Sent from my SCH-S720C using Ohub Campfire mobile app


----------



## Filthyoter (Sep 18, 2014)

thanks, glad i did not buy it then. I understand approaching a stand, playing the wind, and everything. however, I just am having a hard time making it happen. My hunting partner is starting to lose faith in the sport and I am trying to find a way to make it happen soon to make him realize we are not completely wasting our time lol.


----------



## Copper15 (Oct 17, 2012)

Filthyoter said:


> thanks, glad i did not buy it then. I understand approaching a stand, playing the wind, and everything. however, I just am having a hard time making it happen. My hunting partner is starting to lose faith in the sport and I am trying to find a way to make it happen soon to make him realize we are not completely wasting our time lol.

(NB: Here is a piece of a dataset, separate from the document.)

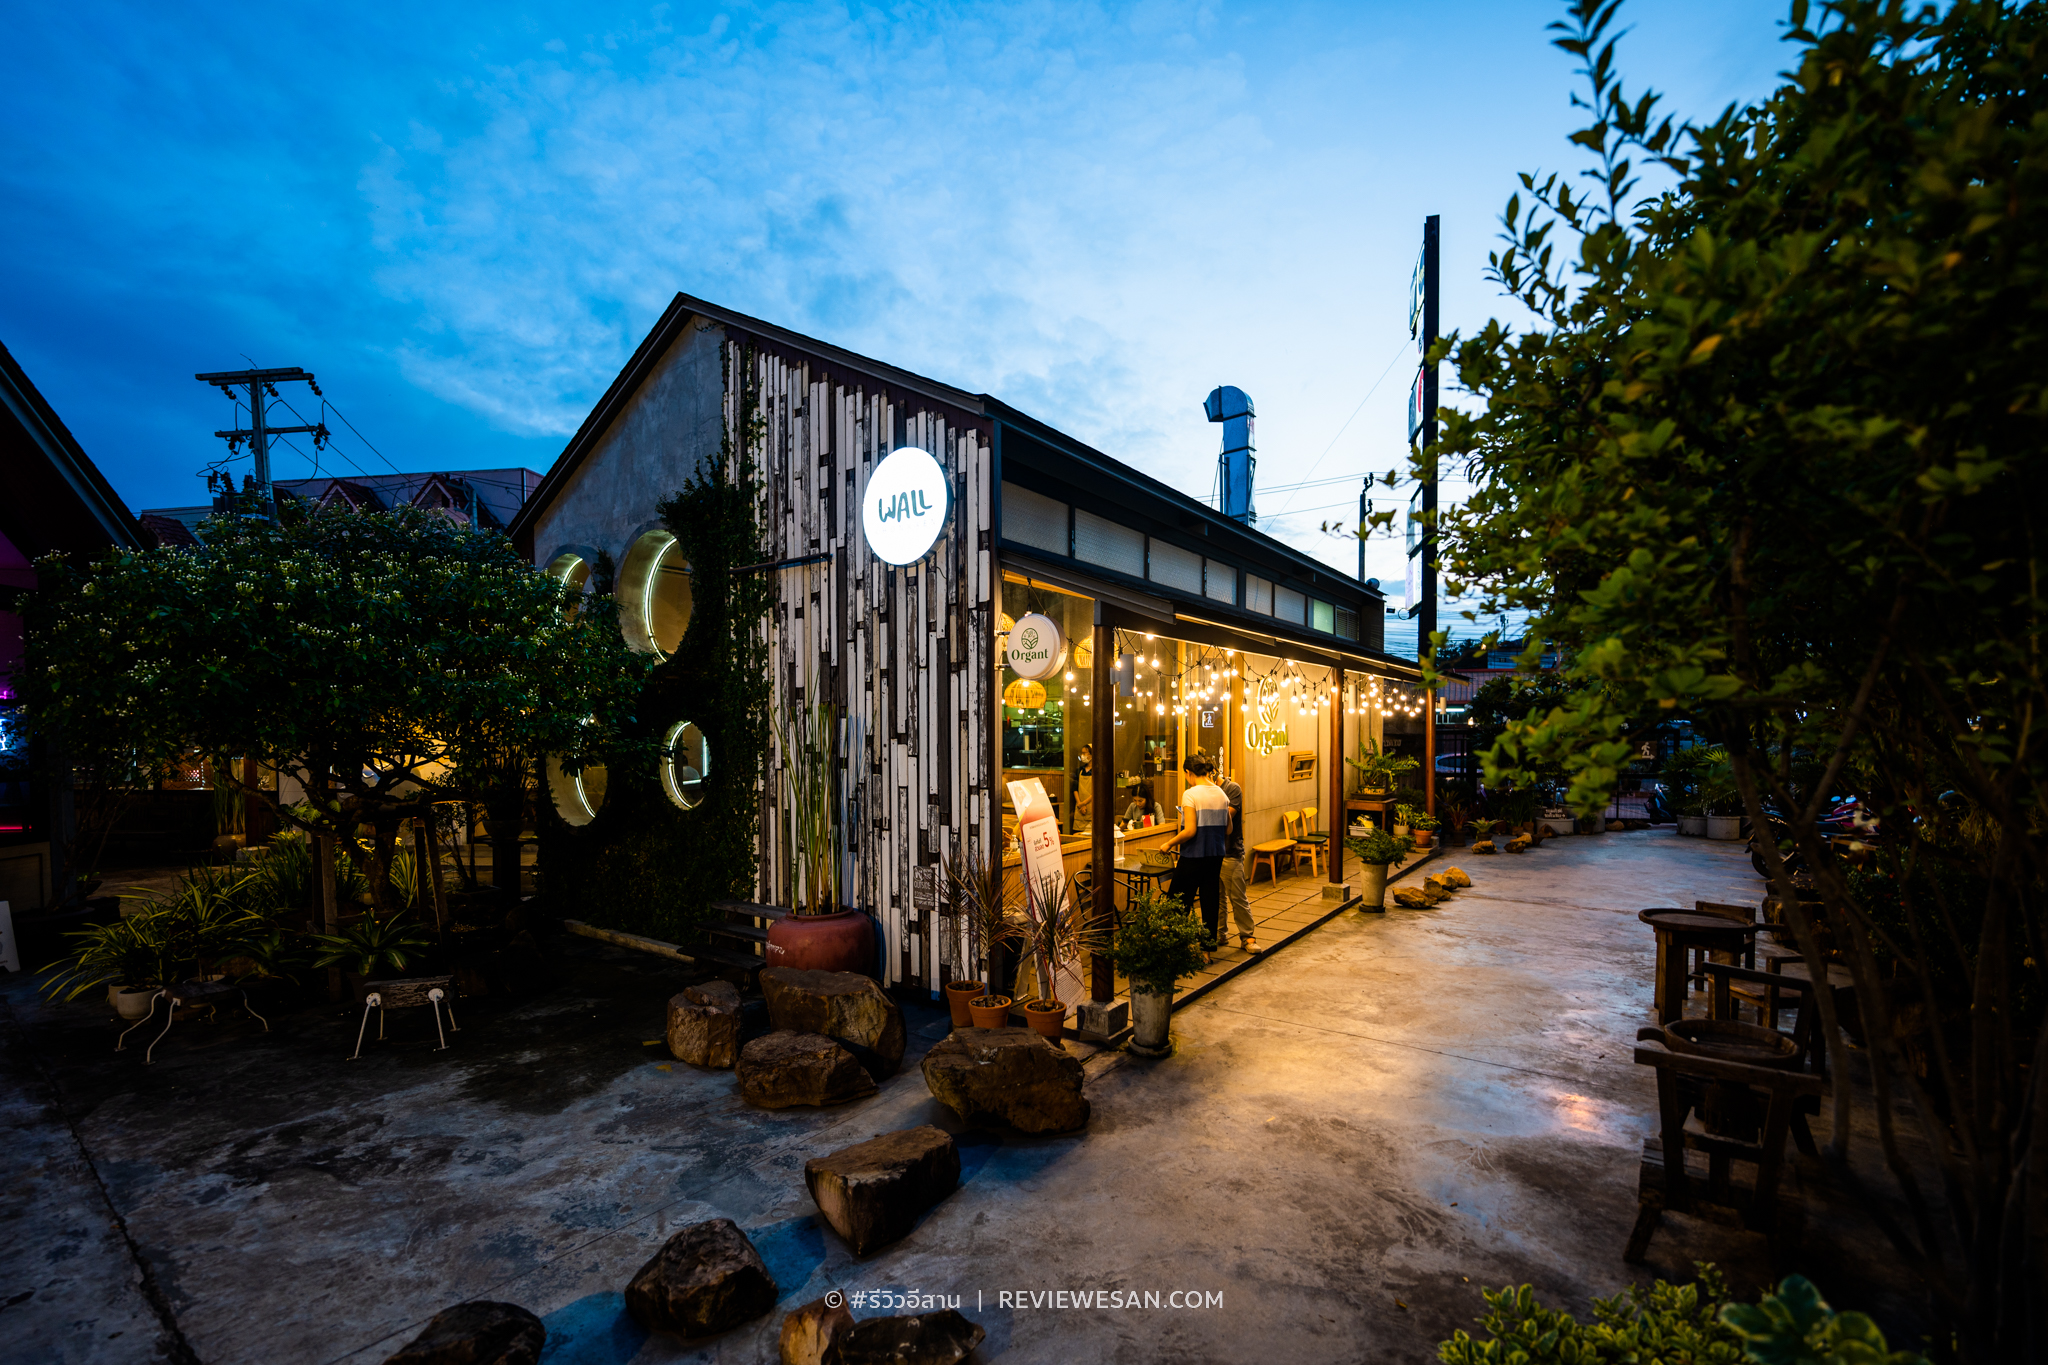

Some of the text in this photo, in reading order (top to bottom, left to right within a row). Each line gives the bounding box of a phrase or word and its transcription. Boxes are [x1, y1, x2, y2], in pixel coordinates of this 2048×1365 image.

[878, 489, 933, 523] WALL
[1011, 648, 1049, 663] Organt
[1247, 721, 1290, 755] Organt

Keep at it. I'm on my second year and haven't nailed one yet. The weather is about to turn in our favor. They'll be getting hungry, despite, and mating season will be here soon also. Mapes has told me it took him 4 years to get his first. I know Fr3db3ar got off his 3 year dry spell this year. It happens. A lot of the vets say most new guys quit within 2 years. Scout like crazy, play the wind, and don't give up!


----------



## Filthyoter (Sep 18, 2014)

I wont be giving up, but would like to keep my hunting partner so hunting isnt so lonely haha. And yes I am hoping with these frigid temps and good amounts of snow will get them on the prowl for a mid day snack. next Saturday or Sunday if the wind allows I will be hunting all day. I am thinking about hunting a large public land swamp area with hundreds of acres. Making only 20 minute stands in each location and moving 700 yards between sets. I am thinking I have to cover more ground, rather than calling in one set location and calling it quits for the spot.


----------



## brushbuster (Nov 9, 2009)

Filthyoter said:


> I wont be giving up, but would like to keep my hunting partner so hunting isnt so lonely haha. And yes I am hoping with these frigid temps and good amounts of snow will get them on the prowl for a mid day snack. next Saturday or Sunday if the wind allows I will be hunting all day. I am thinking about hunting a large public land swamp area with hundreds of acres. Making only 20 minute stands in each location and moving 700 yards between sets. I am thinking I have to cover more ground, rather than calling in one set location and calling it quits for the spot.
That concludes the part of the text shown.